◆ Listed records
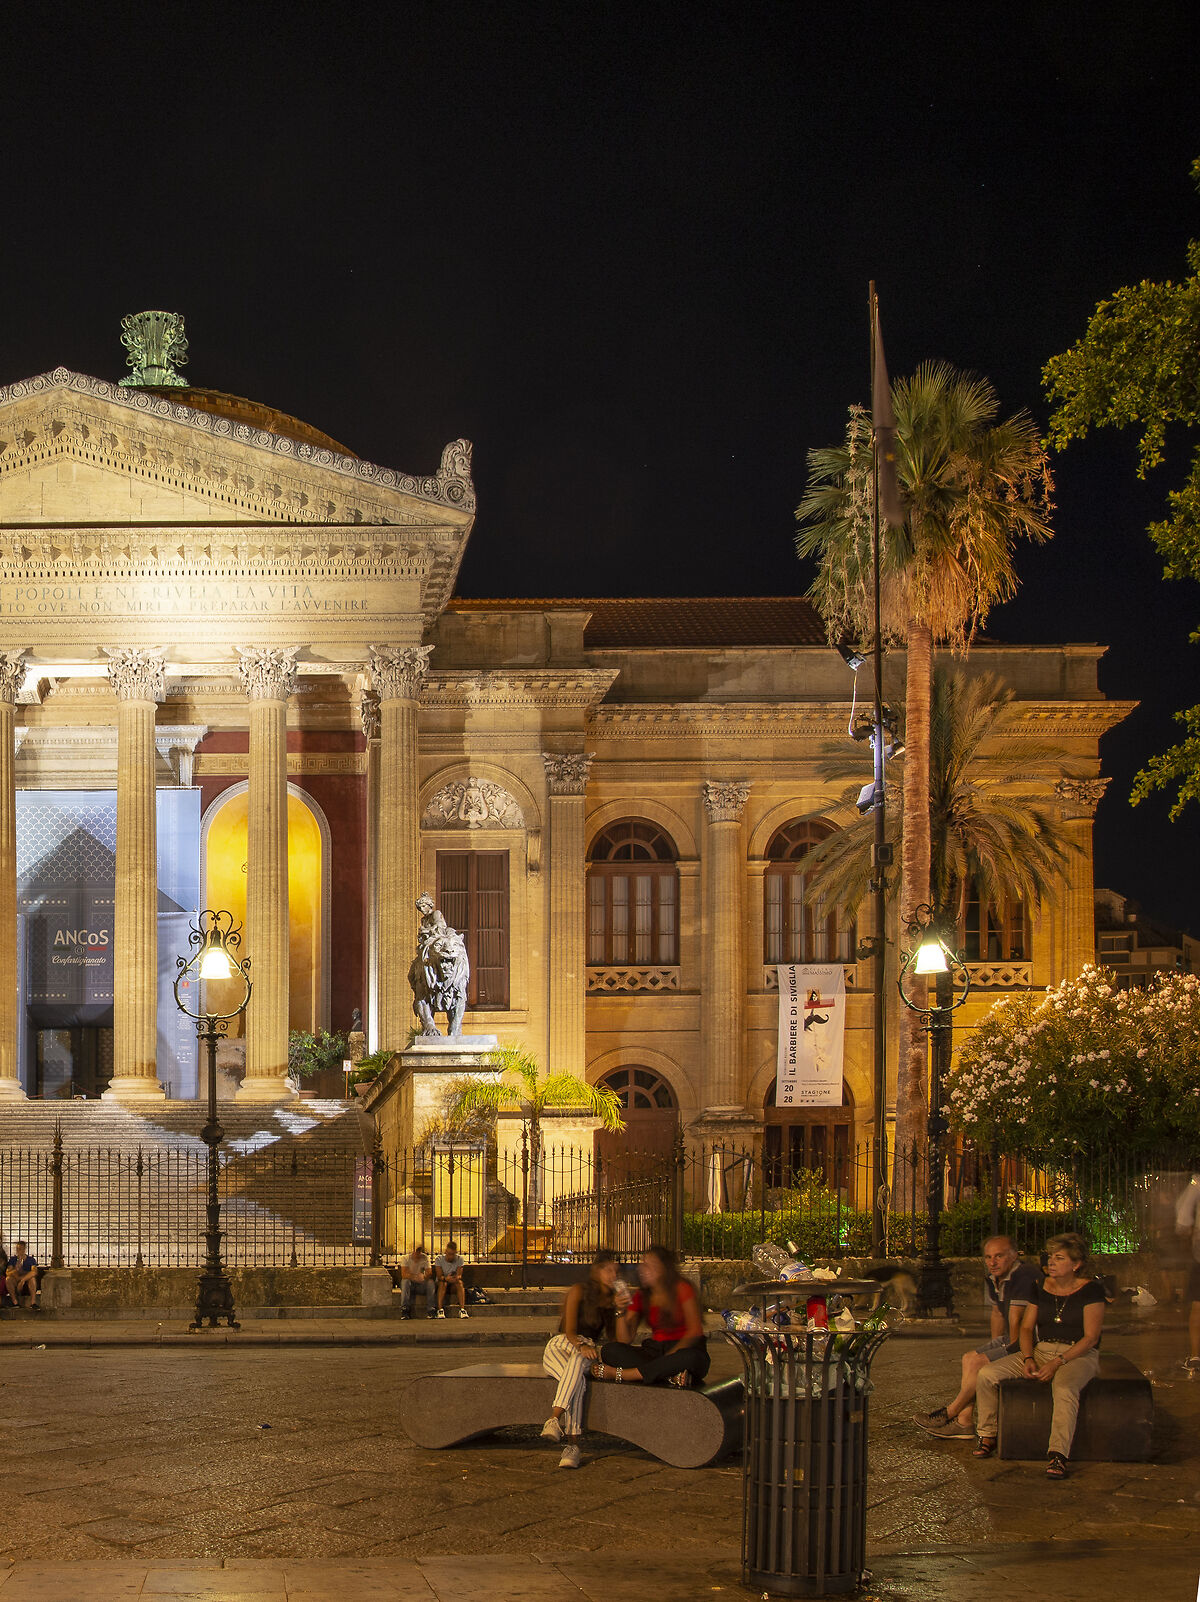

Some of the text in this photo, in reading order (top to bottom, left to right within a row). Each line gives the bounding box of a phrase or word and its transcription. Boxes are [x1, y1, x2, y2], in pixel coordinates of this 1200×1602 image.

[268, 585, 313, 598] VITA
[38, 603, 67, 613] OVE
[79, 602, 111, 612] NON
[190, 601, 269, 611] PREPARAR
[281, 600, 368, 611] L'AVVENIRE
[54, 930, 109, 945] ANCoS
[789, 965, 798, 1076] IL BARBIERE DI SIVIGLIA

◆ Exercise directions
Exactly as they stand, set down all of the entries above, minus every picture.

◆ Exercise solution
Some of the text in this photo, in reading order (top to bottom, left to right within a row). Each line gives the bounding box of a phrase or word and its transcription. Boxes are [x1, y1, x2, y2], in pixel coordinates of this 1200×1602 image.

[268, 585, 313, 598] VITA
[38, 603, 67, 613] OVE
[79, 602, 111, 612] NON
[190, 601, 269, 611] PREPARAR
[281, 600, 368, 611] L'AVVENIRE
[54, 930, 109, 945] ANCoS
[789, 965, 798, 1076] IL BARBIERE DI SIVIGLIA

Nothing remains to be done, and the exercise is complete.